CAS was originally created as a forum to address private sports disputes. Most of its cases concern challenges to regulations or decisions by sport bodies, doping, or commercial matters related to employment and sponsorship, or general disciplinary matters. Human rights issues have come up in connection with the contractual rights of athletes or procedural failings of an individual arbitration. A handful of cases raised the issue of discrimination against certain athletes.
However, while human rights stand at the heart of those cases, the CAS is reluctant to factor human rights into its decisions, as the most recent decision in the Semenya case demonstrates. In its current setup, human rights are sidelined and the applicable CAS arbitration rules do not offer adequate human rights protection. As John Ruggie highlighted in his FIFA report, “CAS’ 300-plus arbitrators ... generally lack human rights expertise”. In addition, the impartiality of CAS arbitrators and the fairness of proceedings have been challenged in a number of cases before the European Court of Human Rights.

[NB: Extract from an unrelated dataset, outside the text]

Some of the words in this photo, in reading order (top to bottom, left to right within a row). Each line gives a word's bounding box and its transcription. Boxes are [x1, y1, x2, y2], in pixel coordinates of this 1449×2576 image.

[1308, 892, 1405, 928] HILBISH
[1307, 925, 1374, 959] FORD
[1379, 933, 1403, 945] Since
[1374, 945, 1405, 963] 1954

Beyond athletes, other potential victims of event-related human rights abuses do not have access to the CAS. For CAS to have jurisdiction, an arbitration agreement has to be in place between the disputing parties. This means the sports body and its counter-part member association, NOC, LOC, or other business partner can initiate arbitration proceedings at CAS. Who doesn’t this include that might have a need to bring a case based on a human rights violation? People who have been forcefully evicted to make room for event-related infrastructure, or workers in abusive and exploitative working conditions on event-related construction, for example. While national courts might be the more effective forum to deal with such cases, arbitration systems including that of CAS can resolve issues more quickly. The CAS even has an ad hoc division for the Olympic Games.

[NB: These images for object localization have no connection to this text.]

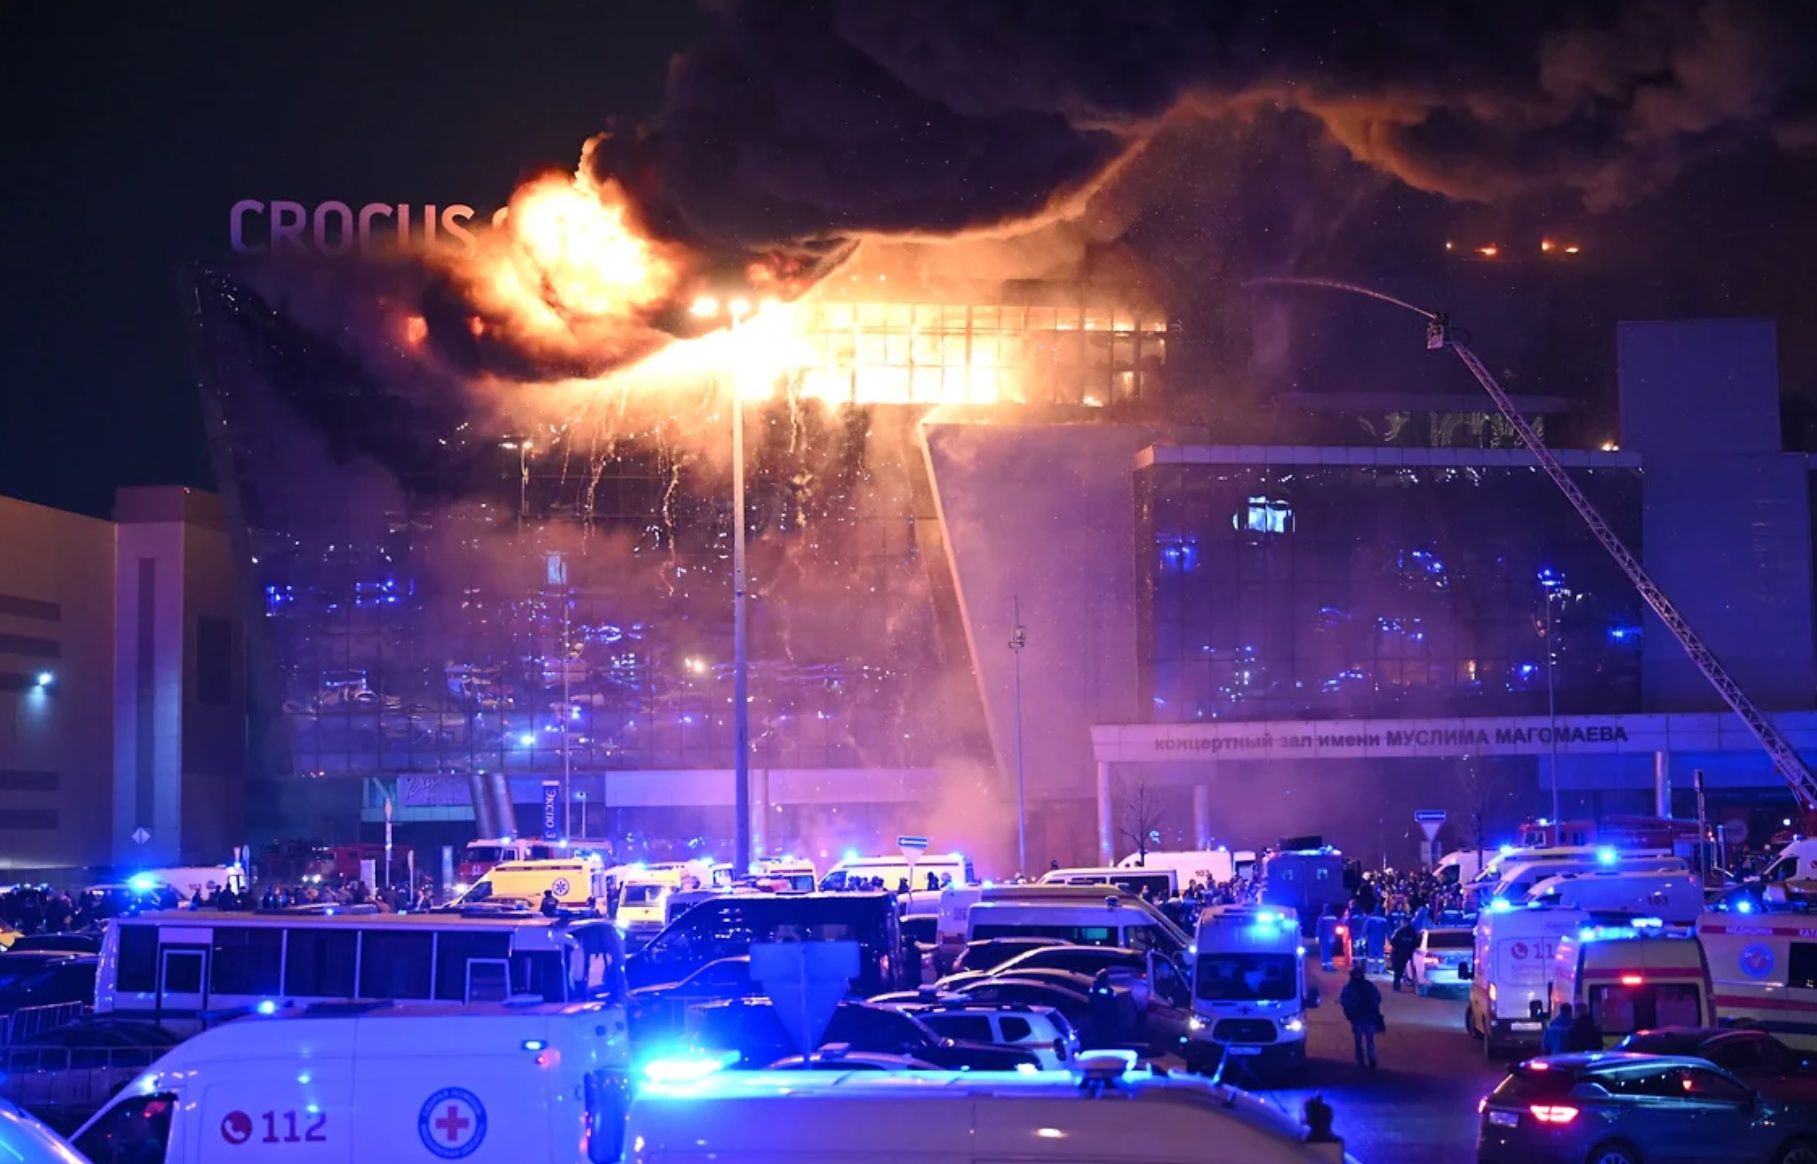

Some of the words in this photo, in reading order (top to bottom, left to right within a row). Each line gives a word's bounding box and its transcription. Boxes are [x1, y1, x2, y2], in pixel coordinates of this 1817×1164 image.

[230, 199, 478, 257] CROCUS
[1155, 733, 1273, 753] концертный
[1279, 735, 1313, 750] зал
[1318, 732, 1381, 748] имени
[1387, 729, 1490, 747] МУСЛИМА
[1496, 726, 1629, 745] МАГОМАЕВА
[544, 789, 556, 828] Экспо
[1533, 942, 1557, 960] 11
[261, 1109, 327, 1143] 112

More generally, there is an ambivalence towards arbitration as a remedy mechanism for human rights cases. The greatest advantages associated with arbitration in the human rights context are its flexibility and international enforceability. For example, arbitrators and experts can be chosen by the parties to the dispute based on their knowledge and expertise, in this case on human rights. The greatest disadvantage comes from the non-transparent nature of arbitration, which runs counter to human rights being seen as matters of public concern. Arbitration proceedings can also be lengthy and costly, which is especially problematic since sports-related human rights abuses often hit the most marginalised groups in society – host communities, workers in construction, hospitality and supply chains.
Despite these concerns, the mere possibility of CAS arbitration for adverse human impacts associated with sport could indirectly have a positive impact on access to remedy for affected groups. To move from mere possibility to a reality that benefits people who have genuinely suffered, a few things need to start happening.
First, actors with the necessary legal standing are already able to act on behalf of those impacted, they just need to be willing to do so. More fundamentally, stakeholders and relevant organisations need to engage with CAS to build its capacity to consider the rights-based implications of its cases. Second, concrete measures need to be devised to overcome the current lack of rules and guidelines on how to procedurally deal with human rights matters, following the example of other arbitration institutions. A human rights filter could also be added to the current list of CAS arbitrators, to support affected parties in finding arbitrators with human rights expertise.
The time ahead requires collective efforts to explore the various entry points possible to improve access to remedy for all actors involved in sport. That includes building further momentum to ensure that CAS is positioned to play a constructive role in addressing sport and human rights realities.